━━━━━ INPUT FOR THIS TASK

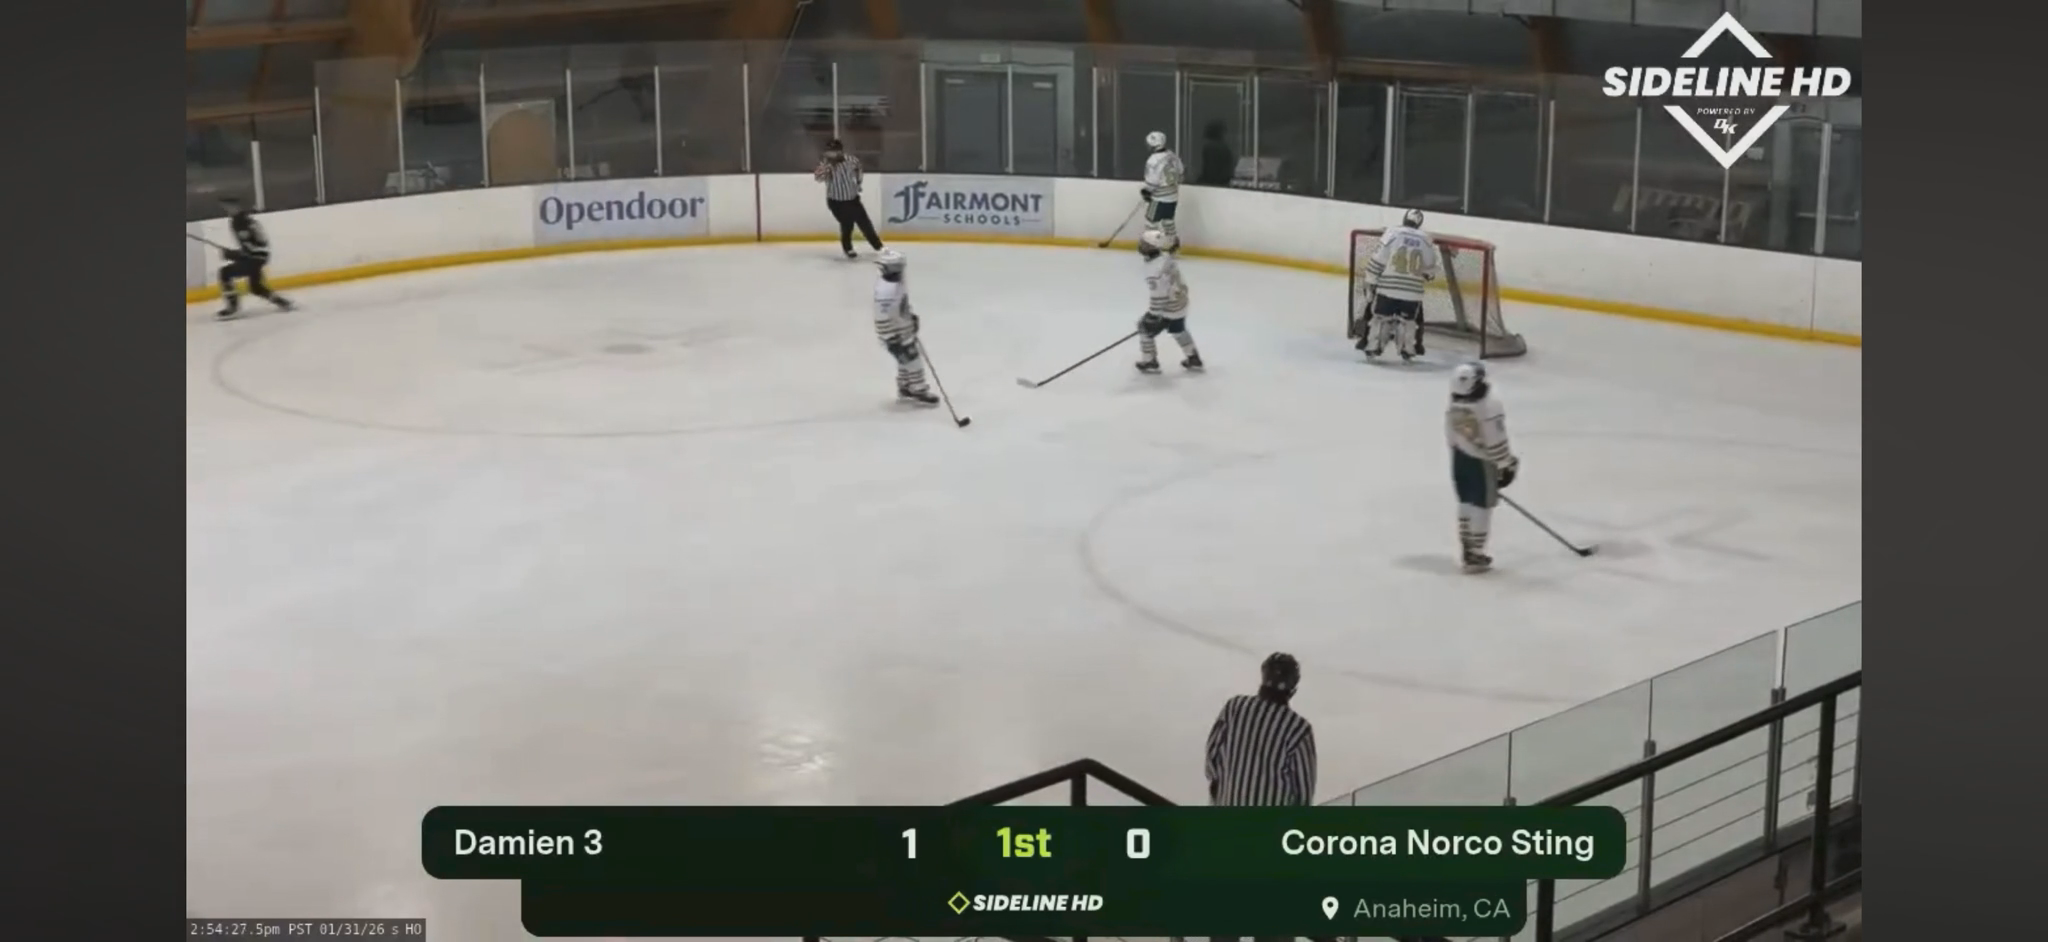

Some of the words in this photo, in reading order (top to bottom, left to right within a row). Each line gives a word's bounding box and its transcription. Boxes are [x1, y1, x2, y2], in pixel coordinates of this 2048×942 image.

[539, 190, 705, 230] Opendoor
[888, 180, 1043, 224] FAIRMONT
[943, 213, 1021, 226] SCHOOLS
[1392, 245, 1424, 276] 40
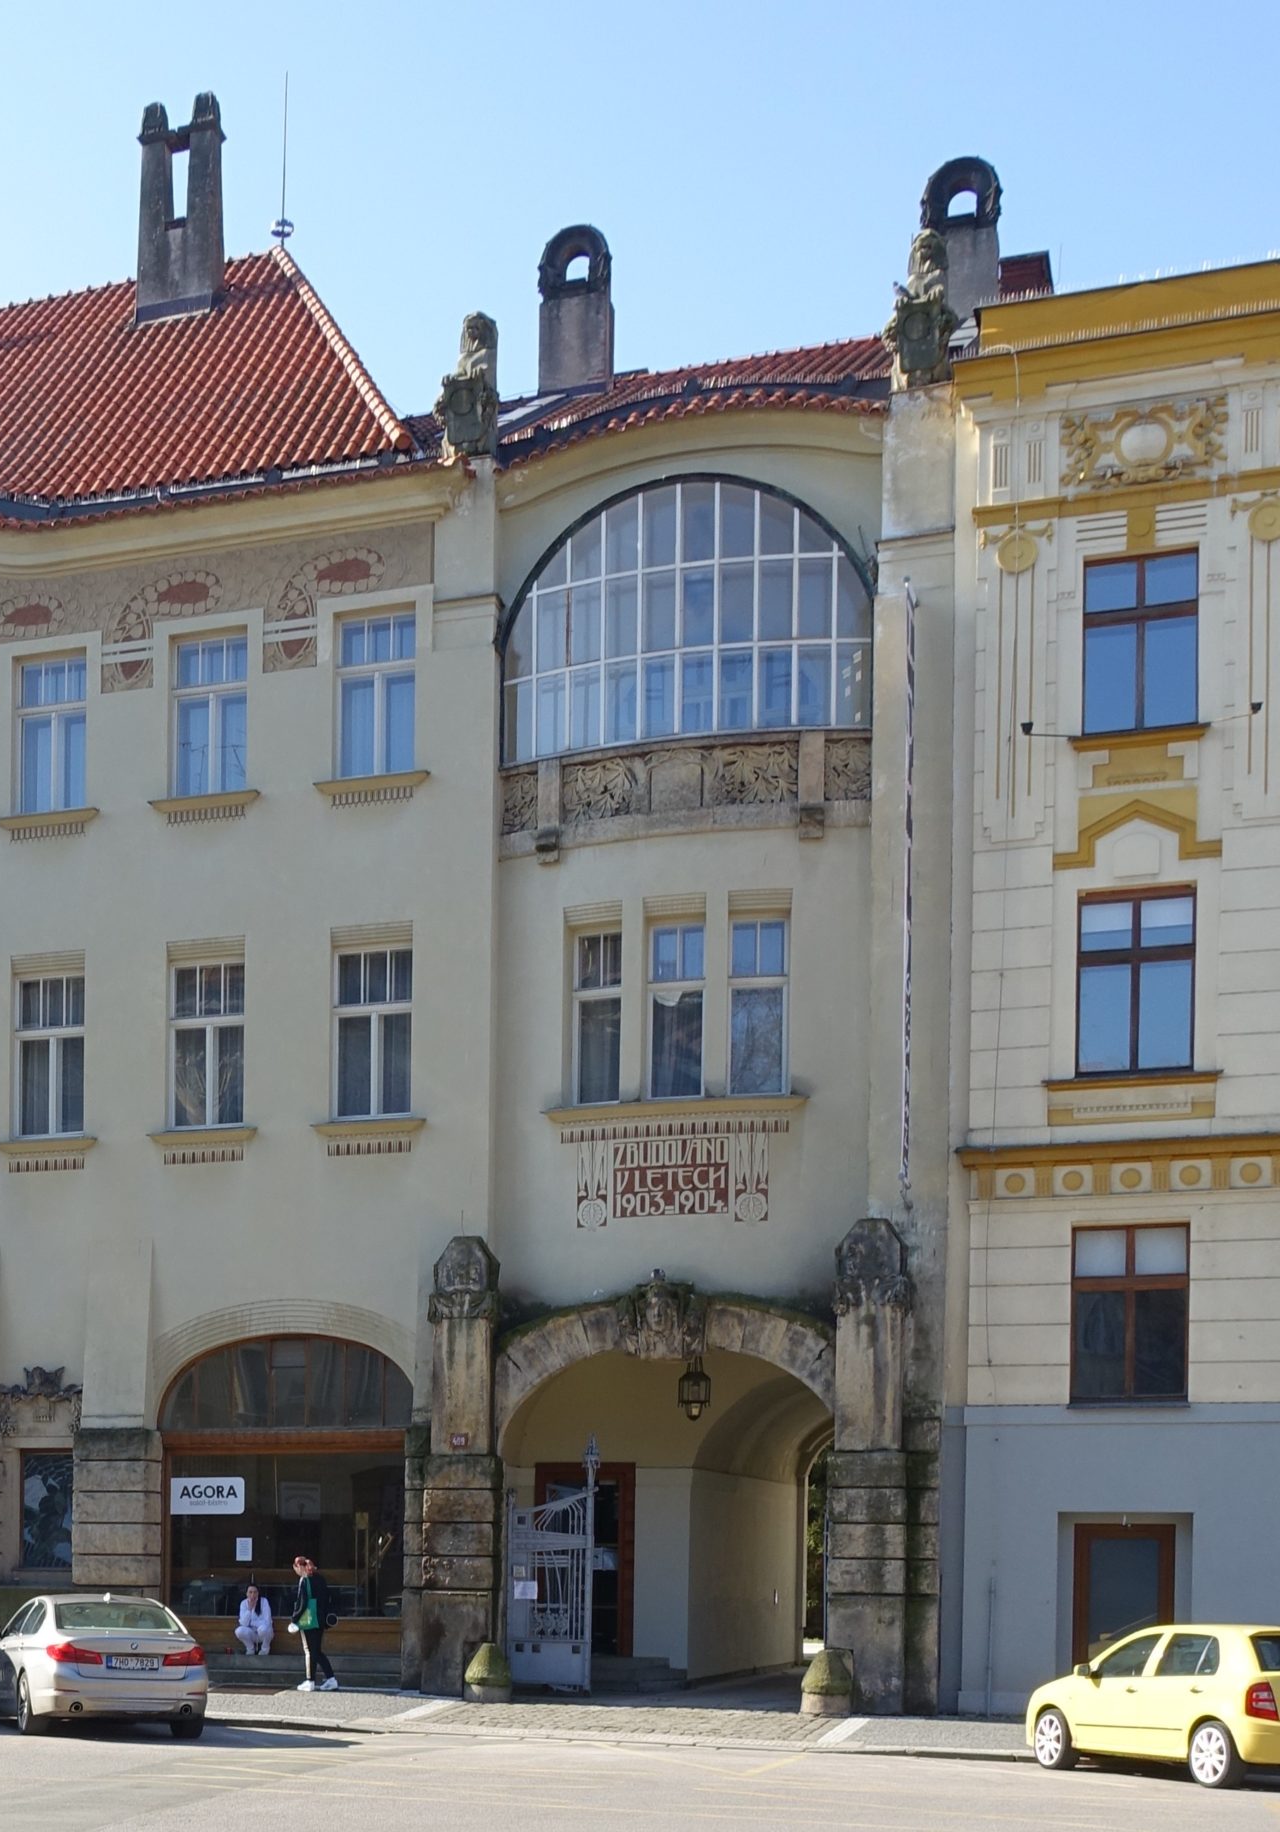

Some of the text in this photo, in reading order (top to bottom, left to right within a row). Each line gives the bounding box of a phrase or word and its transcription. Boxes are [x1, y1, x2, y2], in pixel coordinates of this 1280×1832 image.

━━━━━━━━━━

## INSTRUCTIONS TO FOLLOW
Restate the records above exactly, less any pictures.

## EXERCISE SOLUTION
Some of the words in this photo, in reading order (top to bottom, left to right within a row). Each line gives a word's bounding box and its transcription. Boxes are [x1, y1, x2, y2], in pixel coordinates of this 2048×942 image.

[539, 190, 705, 230] Opendoor
[888, 180, 1043, 224] FAIRMONT
[943, 213, 1021, 226] SCHOOLS
[1392, 245, 1424, 276] 40

Some of the text in this photo, in reading order (top to bottom, left to right within a row). Each line gives the bounding box of a phrase or word and its transcription. Boxes are [x1, y1, x2, y2], in pixel coordinates of this 1280×1832 image.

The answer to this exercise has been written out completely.